What causes this disparity in the experience of what one has achieved includes the expectations we have of ourselves, the expectations we feel significant others have of us, as well as what achievement means in the context of our cultural and societal milieu. Thus, a change in the way students (and those around them) view results, their necessity, their impact and importance needs to be brought about so that students can cope better with results.

One of the first steps is to demystify the significance of exams and how students perform in them. Students learn from adults about how important an exam is.

Therefore, a change in the attitude of adults is an integral part of making sure that the pressure on students is reduced.

For parents, teachers, adults and students alike, it is required that Board exams are viewed for what they are actually meant to do. It is important to remember that each exam is a skill-building exercise that helps students enhance their abilities to take decisions, evaluate options, make judgments, and solve problems. Yes, marks are required but their significance should not be over-emphasised.

For all students, it is imperative to keep in mind that in today’s world there are various opportunities available in terms of courses. Remember, our times are those of specialisation and any individual who is a specialist in his or her profession would do well regardless of what the chosen profession. Thus, it is important to focus on what skills and abilities one possesses and to determine what the best option to pursue would be, in terms of career options.

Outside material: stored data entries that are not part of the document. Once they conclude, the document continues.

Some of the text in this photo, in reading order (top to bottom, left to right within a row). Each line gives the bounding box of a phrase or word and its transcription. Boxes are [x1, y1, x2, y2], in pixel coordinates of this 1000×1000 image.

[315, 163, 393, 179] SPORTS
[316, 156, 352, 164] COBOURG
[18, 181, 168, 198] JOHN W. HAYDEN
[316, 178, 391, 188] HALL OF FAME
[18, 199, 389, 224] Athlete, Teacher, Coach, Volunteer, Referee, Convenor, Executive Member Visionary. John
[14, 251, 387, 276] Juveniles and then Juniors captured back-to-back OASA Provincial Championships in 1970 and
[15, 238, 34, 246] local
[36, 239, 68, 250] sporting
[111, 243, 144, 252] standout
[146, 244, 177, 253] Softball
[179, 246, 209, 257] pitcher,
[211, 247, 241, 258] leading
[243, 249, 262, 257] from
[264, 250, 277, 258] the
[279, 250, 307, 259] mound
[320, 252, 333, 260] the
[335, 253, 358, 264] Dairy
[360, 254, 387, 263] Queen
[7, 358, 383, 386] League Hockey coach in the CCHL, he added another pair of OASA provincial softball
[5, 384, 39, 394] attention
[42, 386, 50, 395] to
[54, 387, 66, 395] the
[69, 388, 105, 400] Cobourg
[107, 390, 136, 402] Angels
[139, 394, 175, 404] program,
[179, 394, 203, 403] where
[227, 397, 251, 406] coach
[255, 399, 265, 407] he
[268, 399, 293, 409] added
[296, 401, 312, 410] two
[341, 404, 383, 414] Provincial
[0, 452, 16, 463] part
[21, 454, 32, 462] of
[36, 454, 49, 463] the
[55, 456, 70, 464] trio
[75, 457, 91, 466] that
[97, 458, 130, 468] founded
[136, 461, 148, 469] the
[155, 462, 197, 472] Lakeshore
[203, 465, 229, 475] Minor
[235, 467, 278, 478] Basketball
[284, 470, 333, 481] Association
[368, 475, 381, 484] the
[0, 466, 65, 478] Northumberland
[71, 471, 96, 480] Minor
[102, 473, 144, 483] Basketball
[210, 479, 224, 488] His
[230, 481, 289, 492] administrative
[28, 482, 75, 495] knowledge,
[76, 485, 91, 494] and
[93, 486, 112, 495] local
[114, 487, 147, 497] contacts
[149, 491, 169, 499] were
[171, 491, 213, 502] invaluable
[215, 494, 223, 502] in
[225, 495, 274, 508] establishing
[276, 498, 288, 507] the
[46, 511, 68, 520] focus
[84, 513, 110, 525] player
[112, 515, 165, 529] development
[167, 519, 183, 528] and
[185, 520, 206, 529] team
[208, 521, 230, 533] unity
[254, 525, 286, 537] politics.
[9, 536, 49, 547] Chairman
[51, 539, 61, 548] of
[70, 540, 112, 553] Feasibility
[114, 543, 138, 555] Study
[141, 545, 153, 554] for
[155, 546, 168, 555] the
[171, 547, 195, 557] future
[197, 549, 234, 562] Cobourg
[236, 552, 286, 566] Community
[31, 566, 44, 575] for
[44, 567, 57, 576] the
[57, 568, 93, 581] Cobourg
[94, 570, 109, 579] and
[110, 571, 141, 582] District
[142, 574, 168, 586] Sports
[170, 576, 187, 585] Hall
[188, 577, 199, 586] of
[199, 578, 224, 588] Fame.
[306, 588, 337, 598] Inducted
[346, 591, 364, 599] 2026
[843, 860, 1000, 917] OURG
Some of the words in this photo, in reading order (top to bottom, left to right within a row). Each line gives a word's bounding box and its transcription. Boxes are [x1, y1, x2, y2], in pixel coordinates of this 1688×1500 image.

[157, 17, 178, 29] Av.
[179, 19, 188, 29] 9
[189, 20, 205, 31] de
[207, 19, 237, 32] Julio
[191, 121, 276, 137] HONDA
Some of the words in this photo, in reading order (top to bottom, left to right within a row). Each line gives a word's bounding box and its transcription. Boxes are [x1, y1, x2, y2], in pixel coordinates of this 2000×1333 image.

Furthermore, with the increase in the number of universities in India and options abroad, the dilemma that students were facing a decade ago has reduced substantially. This is a hearty development that all students should keep in mind.

Finally, as a student one needs to always remember and derive satisfaction from the fact that one has put in the maximum effort one could possibly have to attain the best possible result. We all have our abilities, skill and knowledge levels and the results we achieve would be in line with these.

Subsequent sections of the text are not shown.